POUR EN FINIR AVEC LA "GAUCHE" BOURGEOISE
« Ne se proposant plus de travailler à l’avènement d’une autre société possible, la gauche ne peut plus avoir d’autre ambition que d’ajouter un peu de "conscience sociale" à des évolutions jugées irrésistibles. A l’ultralibéralisme, elle se contente donc d’opposer un "social-libéralisme" qui ambitionne d’infléchir un peu la mise en oeuvre des évolutions en cours, sans plus en contester les fondements. Le réformisme triomphe ainsi complètement, et avec lui l’idée qu’on peut seulement "aménager" ou réformer à la marge une fuite en avant que rien ne saurait véritablement endiguer.
Cette dérive a certes ouvert à la gauche de la gauche un espace politique où des acteurs plus radicaux cherchent à s’implanter, mais sans offrir d’autre alternative qu’une surenchère verbale à tonalité essentiellement morale. Le verbiage gauchiste conjugue posture révolutionnaire immature, base sociale bourgeoise, ultralibéralisme en matière de moeurs et surenchère moraliste à des mobilisations ponctuelles en faveur de secteurs de plus en plus périphériques de la société. On ne trouve chez ces groupes aucun véritable programme, aucune alternative clairement définie, mais – comme aussi chez beaucoup d’altermondialistes – un discours sans contenu assorti d’une ignorance totale de ce qu’est la politique. La plupart de bornent à faire dans l’assistance "humanitaire". Les plus "révolutionnaires" s’intéressent plus au lumpenprolétariat qu’au peuple, aux marginaux et aux sans-papiers qu’à la classe ouvrière à laquelle ils ne croient plus.

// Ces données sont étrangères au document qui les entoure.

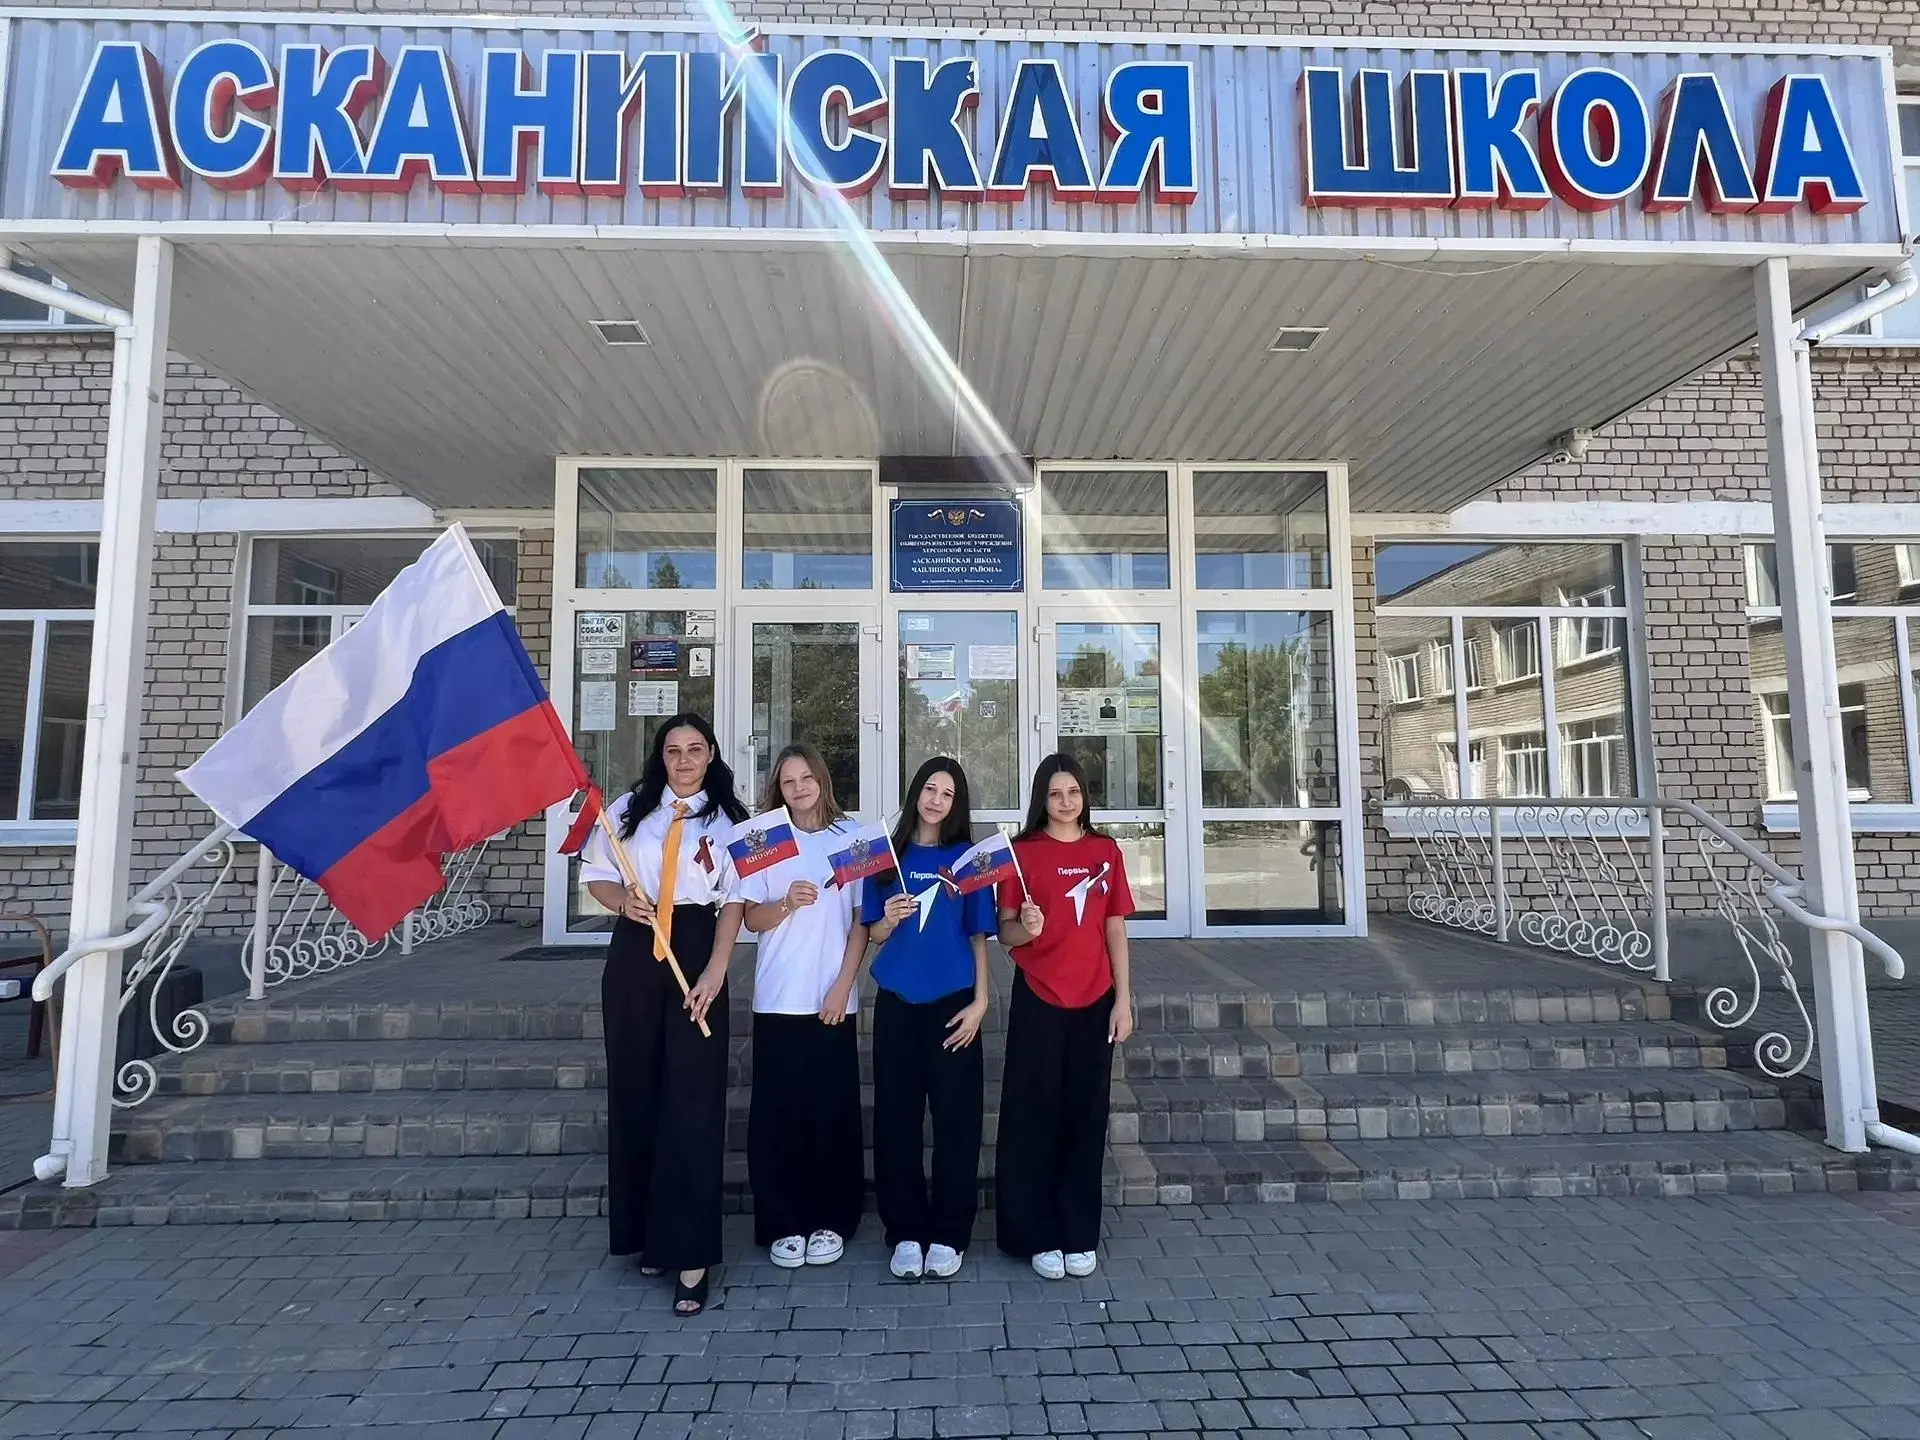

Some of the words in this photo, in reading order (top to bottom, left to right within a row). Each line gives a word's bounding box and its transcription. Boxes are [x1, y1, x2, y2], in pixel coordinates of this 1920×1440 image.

[51, 23, 1198, 205] АСКАНИЙСКАЯ
[1299, 65, 1868, 214] ШКОЛА
[1057, 866, 1090, 877] Первые

Leur erreur est de croire qu’ils trouveront une force révolutionnaire de rechange dans ce que Marcuse appalait les "sinistrés du progrès", improbable catégorie recouvrant surtout aujourd’hui les travailleurs clandestins, le lumpenprolétariat, la "racaille" des banlieues, etc. C’est là une faute stratégique majeure, car le peuple se sent profondément étranger à cette catégorie, dont il réprouve souvent carrément les agissements (ce qui se comprend aisément car il en est la première victime).
Une erreur parallèle consiste à faire consister l’action politique de gauche dans la défense et la promotion des modes de vie alternatifs défendus par les groupes ultraféministes, les homosexuels, les partisans de la dépénalisation de la drogue, ce qui revient à militer pour un libéralisme culturel qui, sous couvert de déstabiliser conventions et préjugés, exalte à la manière bobo toutes sortes de comportements marginaux, dont il s’applique à faire autant de normes nouvelles. Cette façon de faire est l’héritière directe de l’hédonisme bourgeois (qui n’a cessé de coexister avec le bourgeoisime vieux style, austère et bien-pensant), voire un libertinage antisocial qui, comme tel, a toujours profondément choqué la common decency populaire. »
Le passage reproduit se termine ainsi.